## Task prompt
Output all of the records word for word and drop the images.

## Provided data
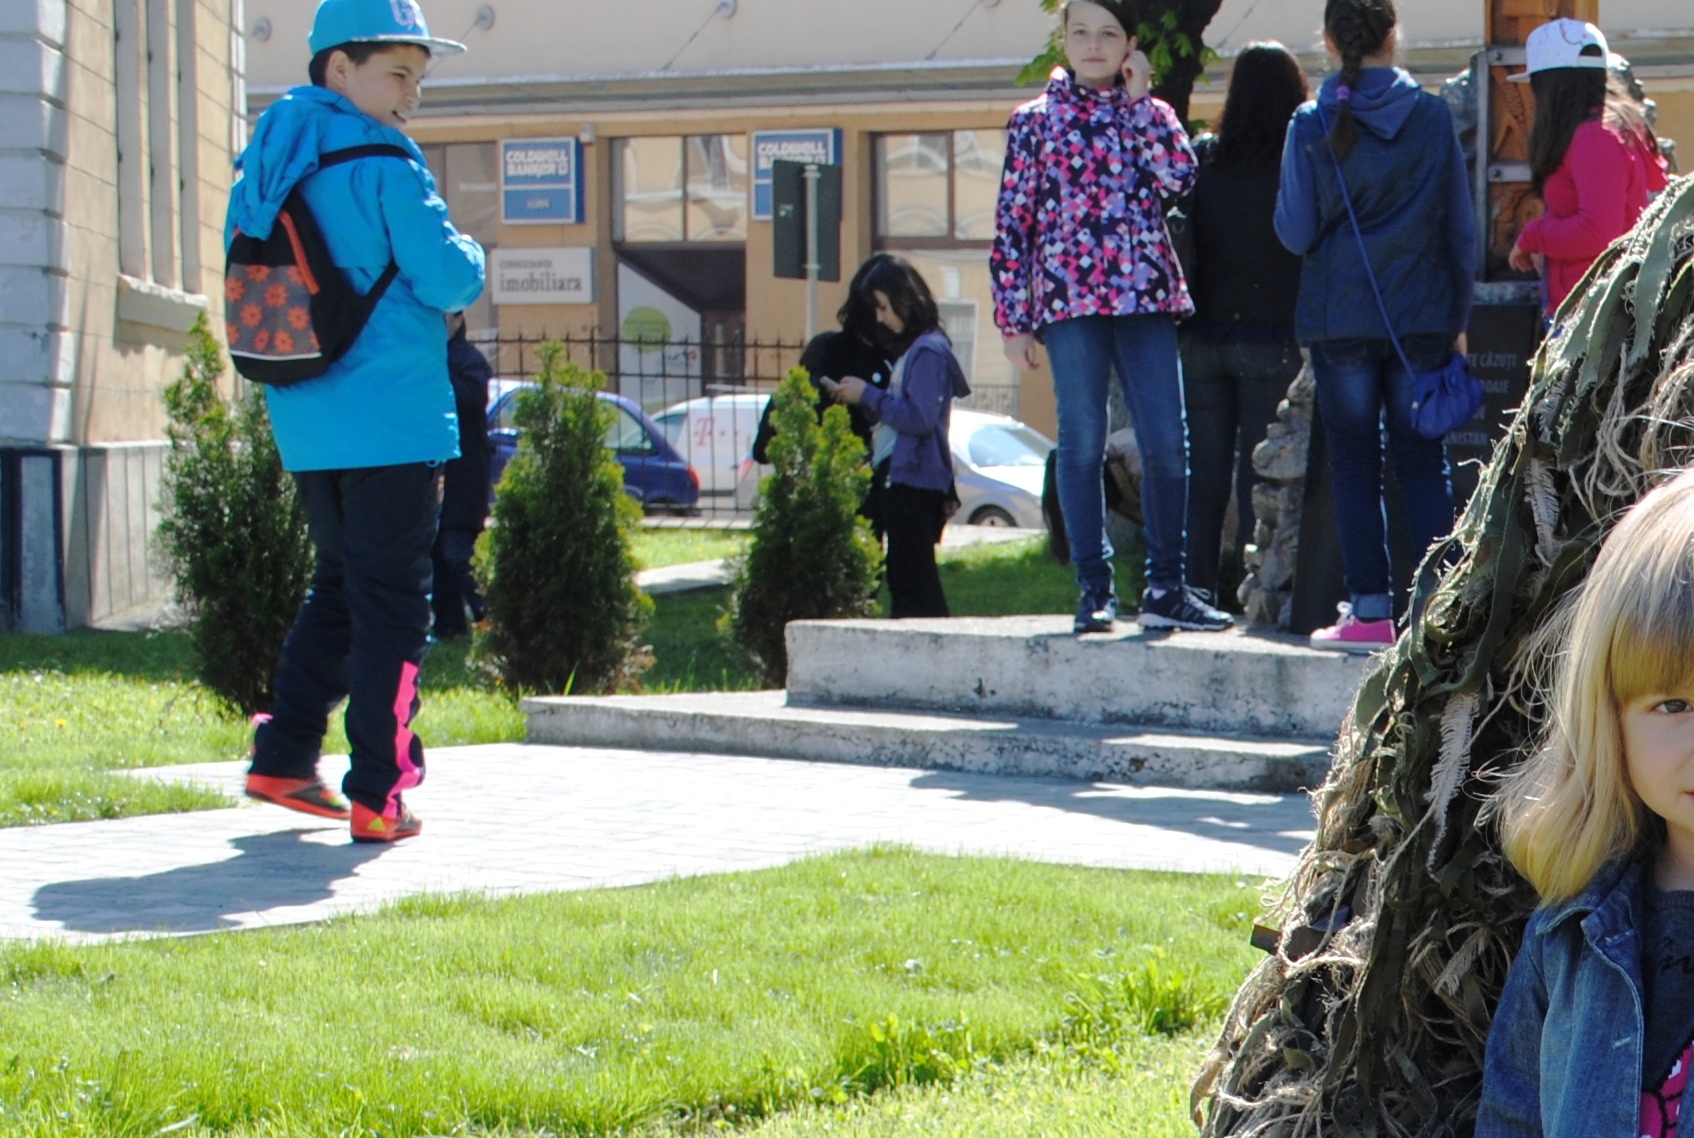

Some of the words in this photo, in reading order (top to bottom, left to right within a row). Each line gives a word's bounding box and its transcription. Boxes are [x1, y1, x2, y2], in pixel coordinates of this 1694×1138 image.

[505, 149, 569, 163] COLDWELL
[507, 161, 557, 178] BANKER
[500, 272, 583, 293] imobiliara
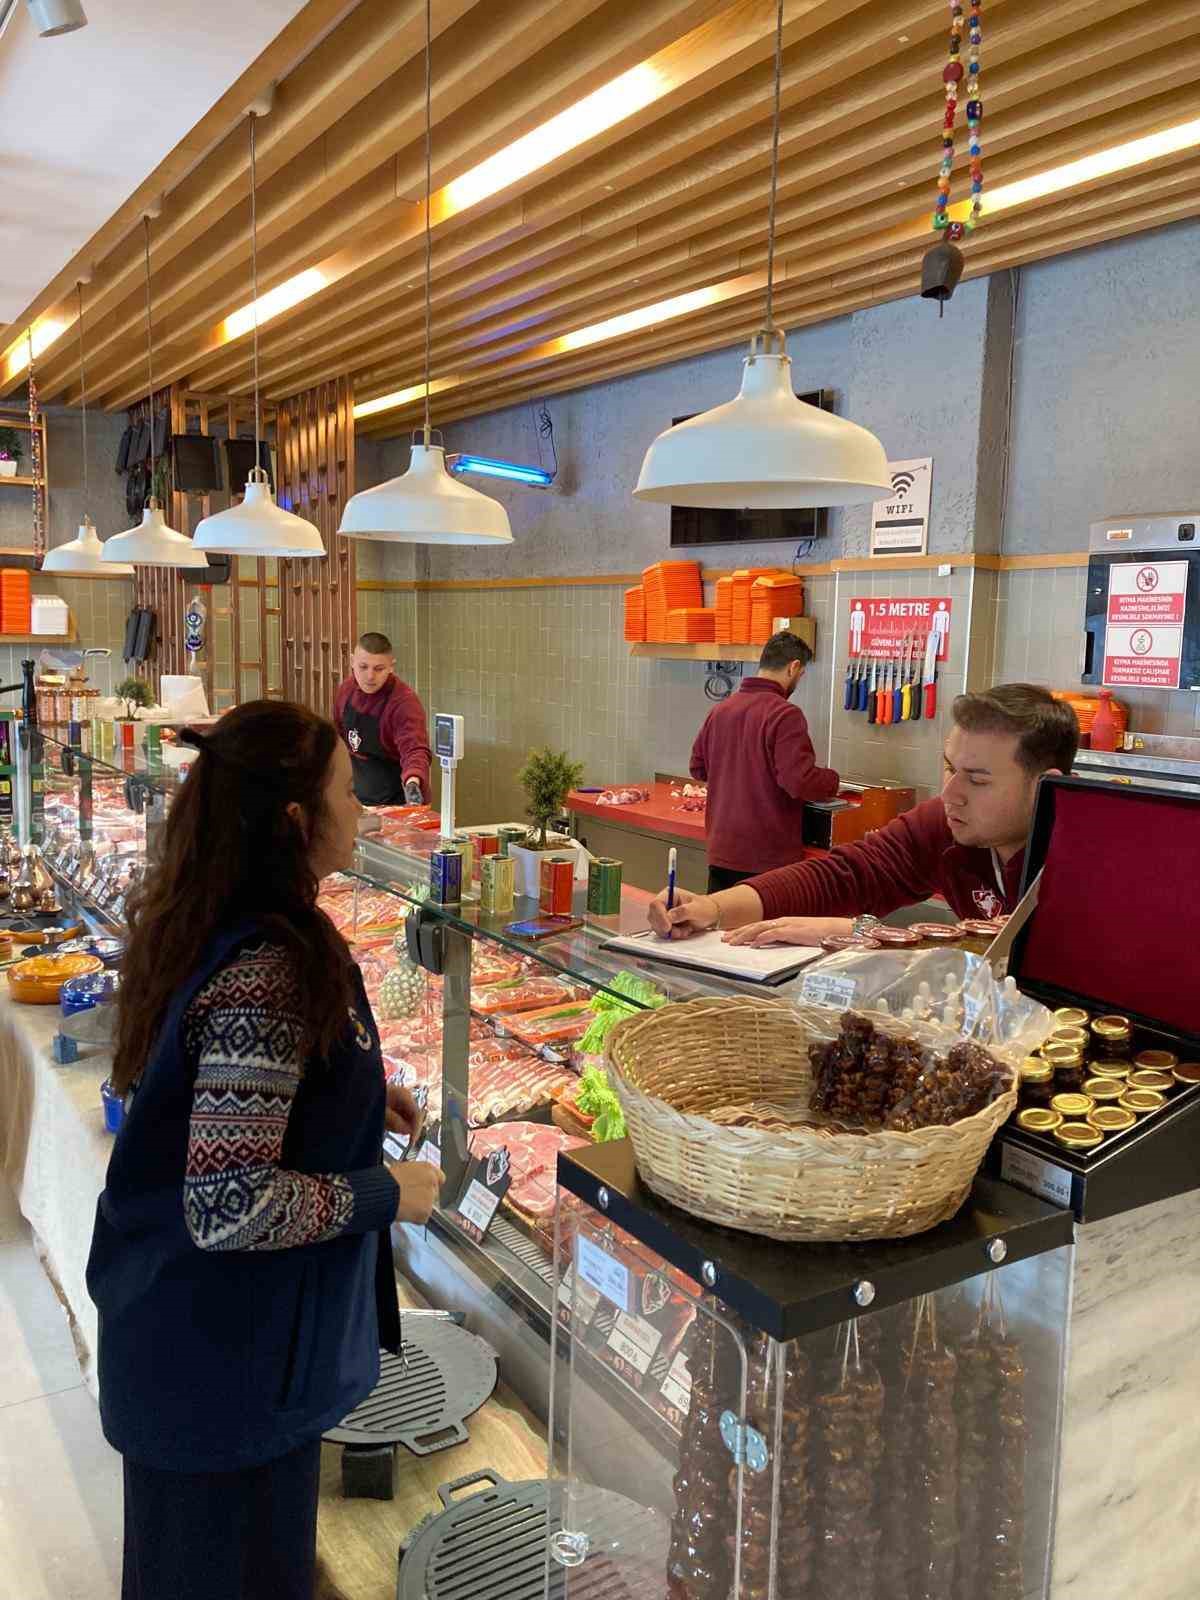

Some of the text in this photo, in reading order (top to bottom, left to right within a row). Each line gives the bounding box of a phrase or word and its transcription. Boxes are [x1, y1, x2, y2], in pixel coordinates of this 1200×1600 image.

[886, 504, 914, 515] WIFI
[869, 603, 931, 617] 1.5 METRE
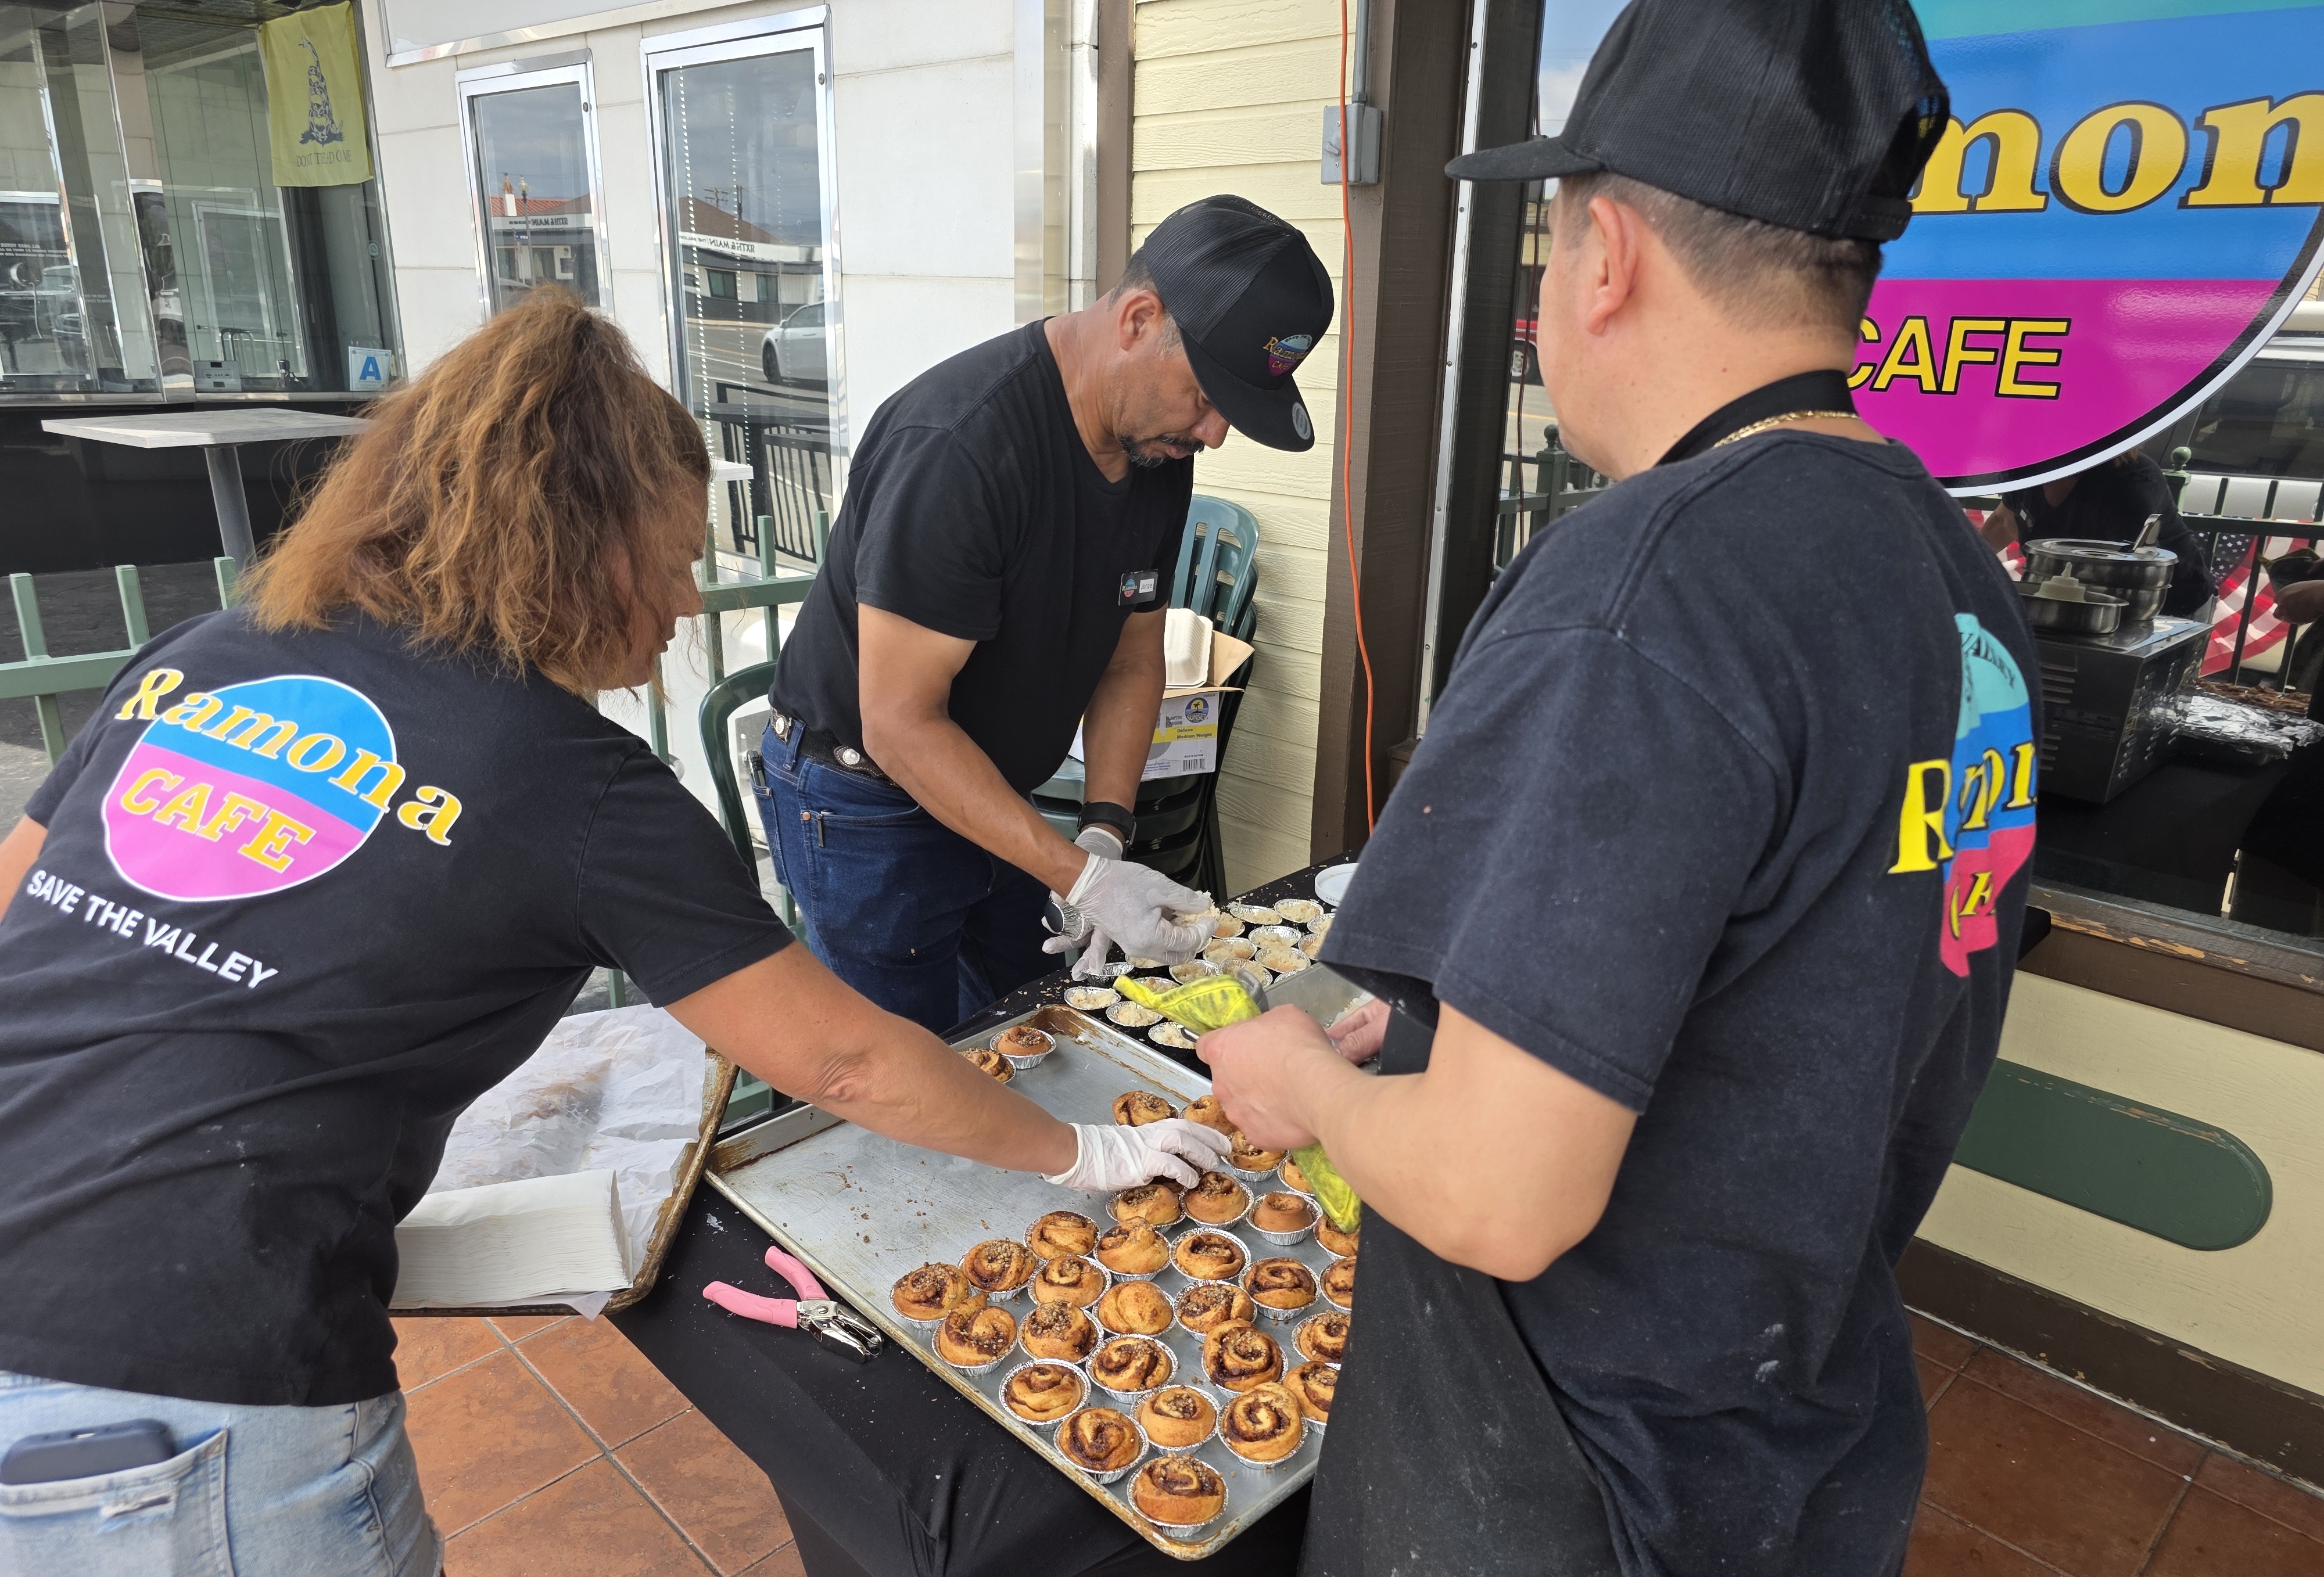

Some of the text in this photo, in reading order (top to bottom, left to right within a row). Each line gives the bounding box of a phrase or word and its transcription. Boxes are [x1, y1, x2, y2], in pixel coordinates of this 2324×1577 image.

[314, 152, 335, 164] TEAD
[359, 355, 382, 380] A
[1272, 361, 1291, 370] CAFE
[1848, 315, 2072, 400] CAFE
[1186, 713, 1207, 721] SUNSET
[114, 668, 462, 846] Ramona
[120, 768, 317, 874] CAFE
[27, 870, 279, 990] SAVE THE VALLEY
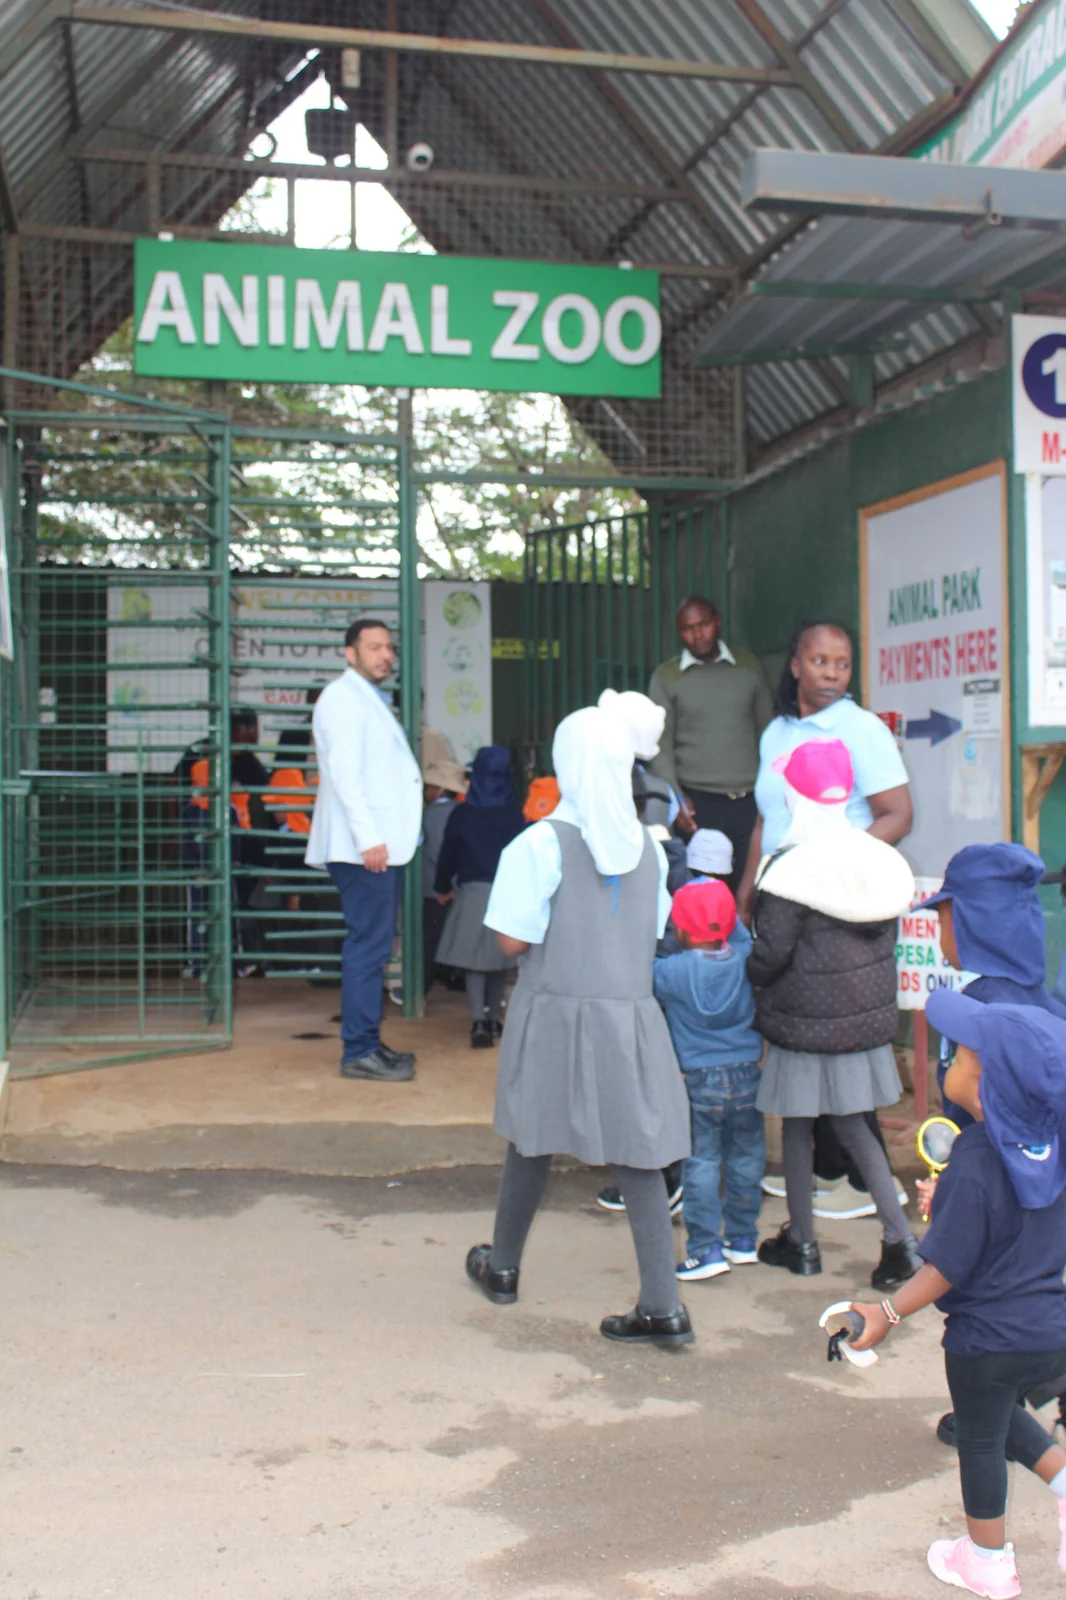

## Solved problem
Some of the words in this photo, in reading order (top to bottom, left to right within a row). Each line gives a word's bounding box and its transcription. Boxes are [x1, y1, x2, y2], in pixel coordinates of this 1694×1138 image.

[505, 149, 569, 163] COLDWELL
[507, 161, 557, 178] BANKER
[500, 272, 583, 293] imobiliara

Some of the text in this photo, in reading order (top to bottom, left to right within a row). Each line gives the bounding box of a phrase or word and its transcription. Boxes are [x1, y1, x2, y2], in pixel coordinates of this 1200×1600 image.

[886, 504, 914, 515] WIFI
[869, 603, 931, 617] 1.5 METRE

Some of the text in this photo, in reading order (top to bottom, left to right within a row). Each line gives the bounding box of a phrase or word and its transcription. Boxes are [x1, y1, x2, y2], in pixel coordinates of this 2324×1577 image.

[314, 152, 335, 164] TEAD
[359, 355, 382, 380] A
[1272, 361, 1291, 370] CAFE
[1848, 315, 2072, 400] CAFE
[1186, 713, 1207, 721] SUNSET
[114, 668, 462, 846] Ramona
[120, 768, 317, 874] CAFE
[27, 870, 279, 990] SAVE THE VALLEY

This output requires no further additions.